German insurers said on Wednesday they don’t intend to use Berlin’s 500 billion euro ($683 billion) rescue fund, while public-sector banking officials traded barbs over who might be first to ask for cash.
Nikolaus von Bomhard, chief executive of the world’s biggest reinsurer Munich Re, predicted that German insurers would be unlikely to turn to the government, whose rescue package is expected to pass parliament on Friday. “We ourselves will have nothing to do with it from today’s point of view,” von Bomhard told journalists in Hamburg.
Other insurance players including AMB Generali, Talanx and its reinsurance arm Hannover Re, Wuestenrot & Wuerttembergische (W&W) and broker MLP all said they saw no need to make use of the fund.
Europe’s biggest insurer Allianz — still part owner of loss-making Dresdner Bank, which it has agreed to sell to Commerzbank — was well capitalised and saw “no direct need” to use the fund, an Allianz spokesman said.
“We need to know the details before we can come to a final decision whether to use the package,” the spokesman added.
German insurers have faced collateral damage from writedowns as share prices fell amid the financial market crisis, but they have largely steered clear of the risky structured finance products that blew up many of their banking counterparts.
Munich Re’s von Bomhard even said he expected the crisis to shift the balance of power within the finance industry towards insurers and away from banks, whose risk management skills had been found wanting in the run-up to the turmoil.
“We have the right set-up in the current crisis and we will be in a stronger position relative to other market players at the end of it,” von Bomhard said of his own company.
Munich Re’s shares closed down 6.3 percent, outpacing a 8.5 percent decline in the DJ Stoxx index of European insurance shares. Allianz fell 8.4 percent.
Germany’s banks have been reluctant to say whether they would seek help via the rescue package, but observers have suggested that the regional state-owned wholesale banks might be first in line, after several suffered billions in writedowns on their structured finance investments.
German states own large stakes in their regional landesbanks but have come under pressure to merge the lenders in the wake of the credit crisis.
The finance minister of the German state of North Rhine-Westphalia (NRW) on Wednesday said landesbank LBBW, in the southern state of Baden-Wuerttemberg, might need the rescue fund.
“It seems LBBW would like to be the first to take part in the fund,” Helmut Linssen told NRW’s state parliament.
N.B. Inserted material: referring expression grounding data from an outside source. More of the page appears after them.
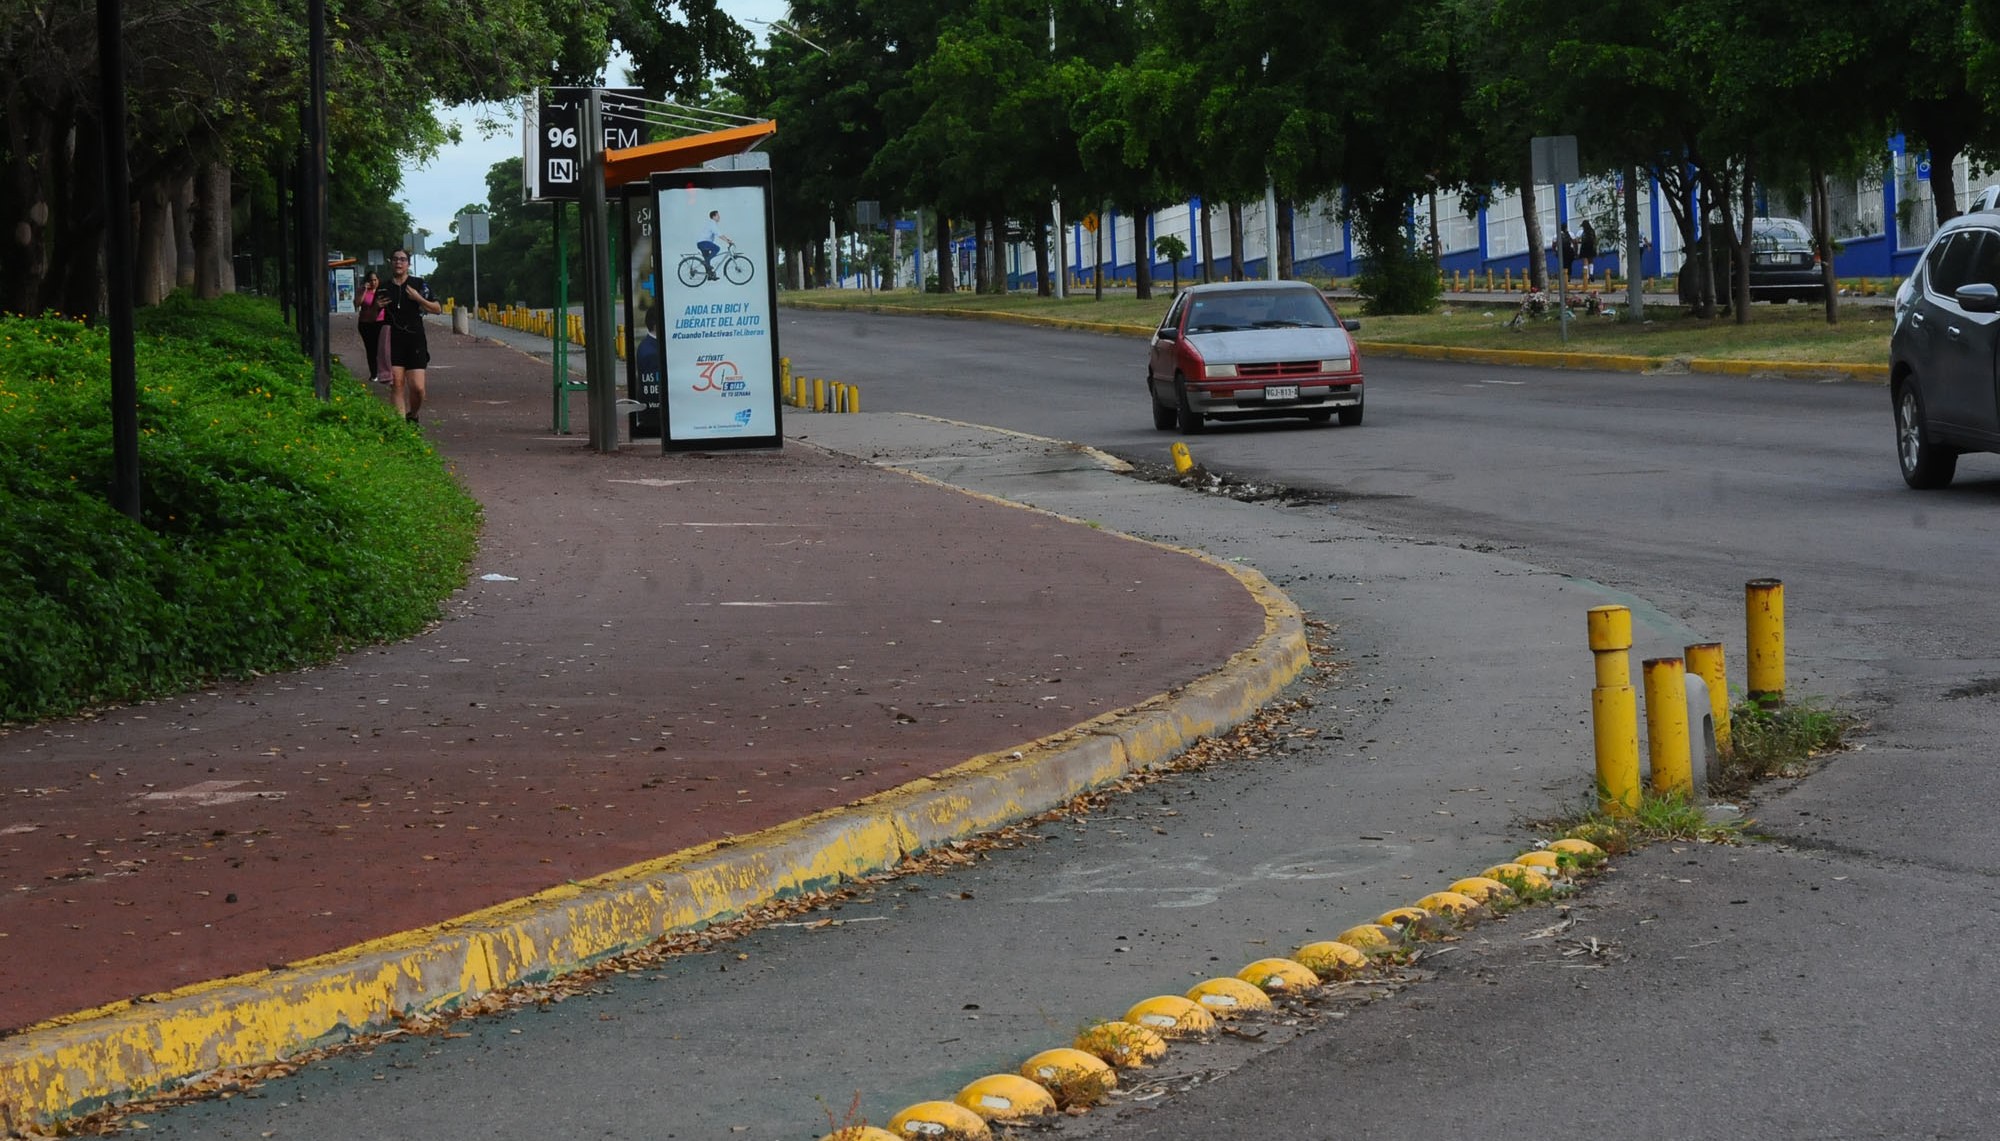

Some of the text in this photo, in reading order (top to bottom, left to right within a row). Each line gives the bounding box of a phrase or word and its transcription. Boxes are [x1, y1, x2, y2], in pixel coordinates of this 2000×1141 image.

[604, 128, 638, 148] FM
[685, 303, 749, 316] ANDA EN BICI Y
[718, 317, 733, 327] DEL
[736, 316, 760, 326] AUTO
[641, 373, 655, 383] LAS
[692, 361, 738, 391] 30
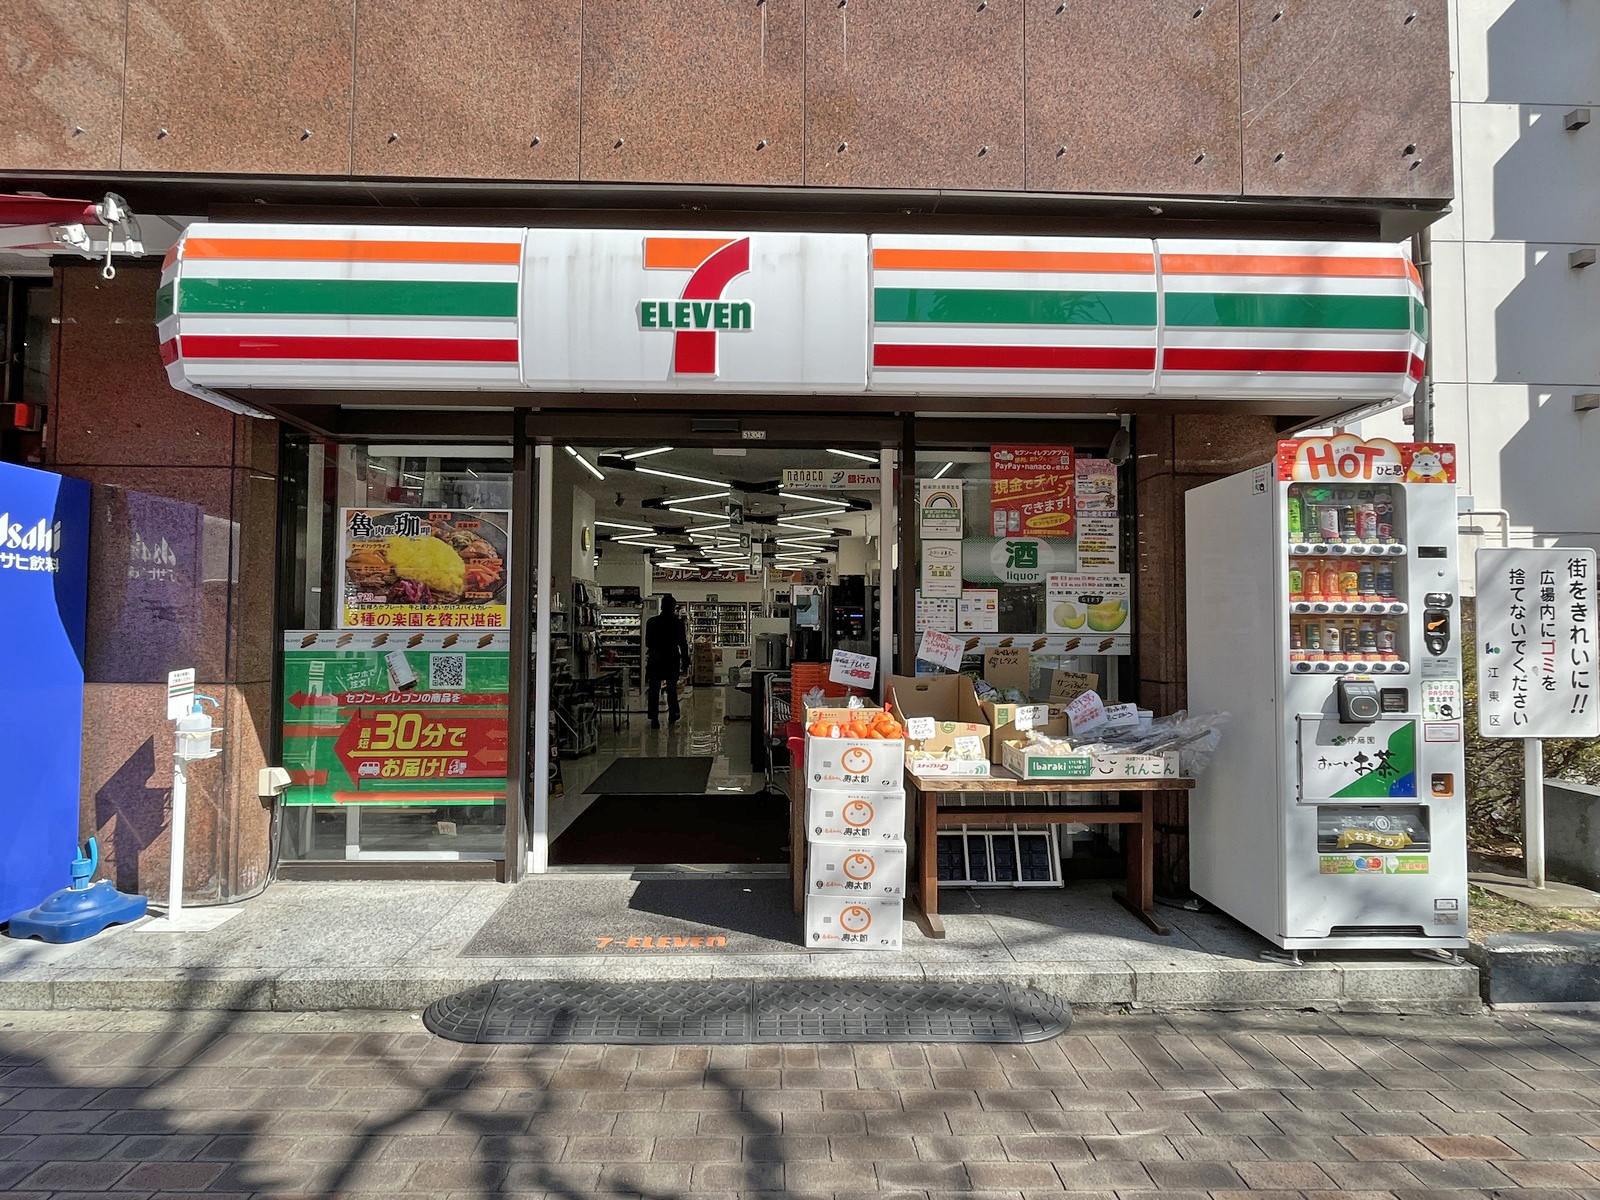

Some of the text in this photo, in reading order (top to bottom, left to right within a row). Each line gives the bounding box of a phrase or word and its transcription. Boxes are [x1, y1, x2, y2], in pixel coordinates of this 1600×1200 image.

[643, 236, 751, 374] 7
[787, 470, 823, 481] nanaco
[1376, 464, 1405, 476] ひと息
[740, 535, 749, 548] 3
[753, 555, 760, 565] 2
[1005, 540, 1039, 569] 酒
[1006, 570, 1040, 582] liquor
[349, 611, 502, 627] 3種の楽園を贅沢堪能
[1540, 570, 1556, 691] 広場内にゴミを
[1509, 568, 1529, 726] 捨てないでください
[1488, 667, 1501, 726] 江東区
[357, 713, 467, 750] 最短 30分で
[1347, 735, 1376, 745] 伊藤園
[381, 758, 448, 777] お届け!
[1033, 761, 1066, 771] Ibaraki
[1124, 763, 1175, 776] れんこん
[1355, 831, 1395, 847] おすすめ
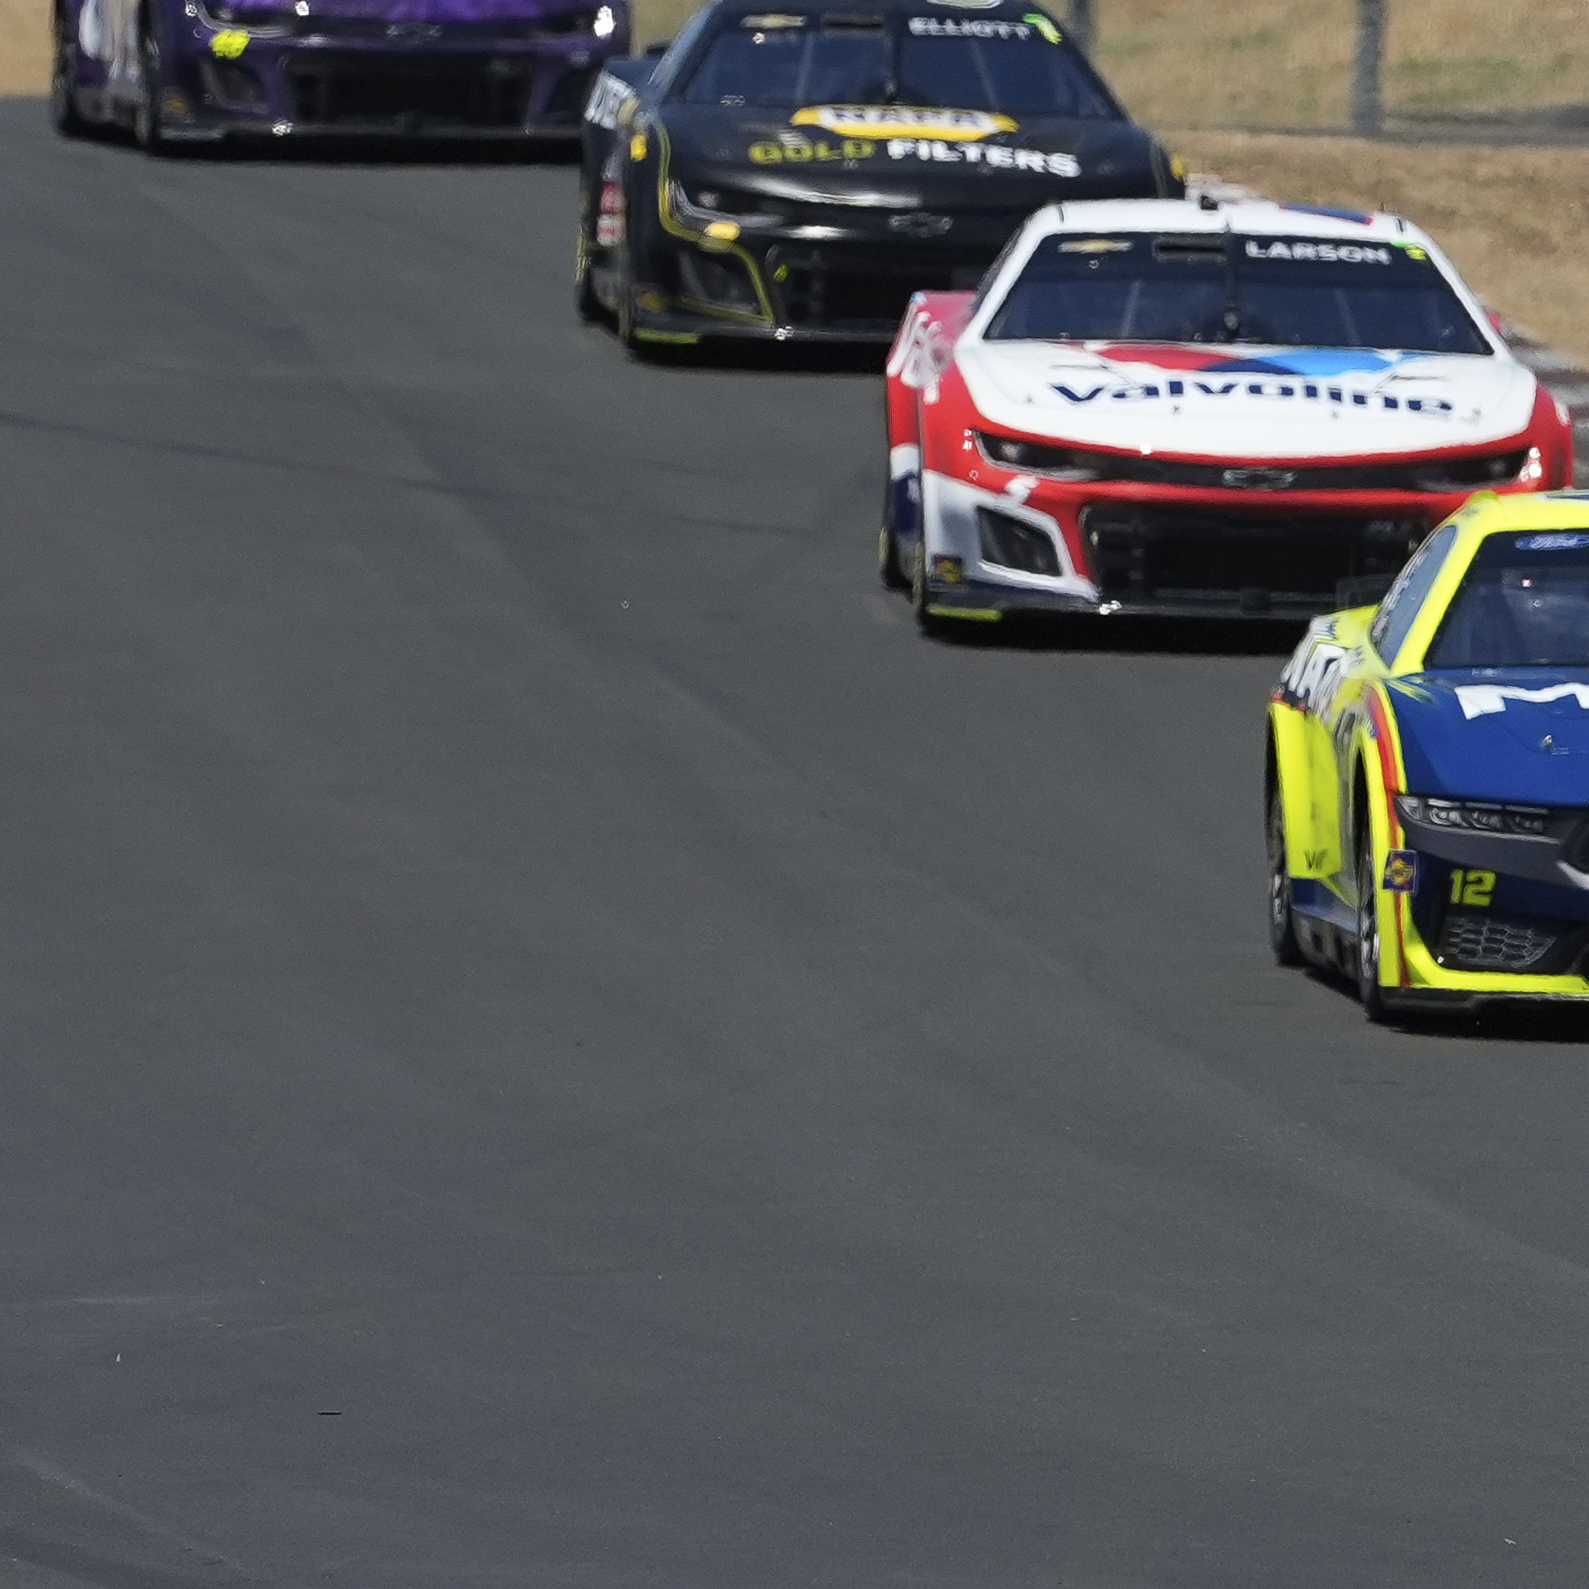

LBBW Chief Executive Siegfried Jaschinski responded that his bank did not need to tap into the government fund.
“It appears that Minister Linssen was misinformed,” he said.
The comments typify the testy relations among the landesbanks and their state-sector owners, who fear a loss of power and prestige if their landesbanks are taken over.
Linssen said the effects of the financial crisis on NRW’s own regional landesbank, WestLB, would be relatively less severe because of a package of guarantees hammered out by the state for the lender earlier this year.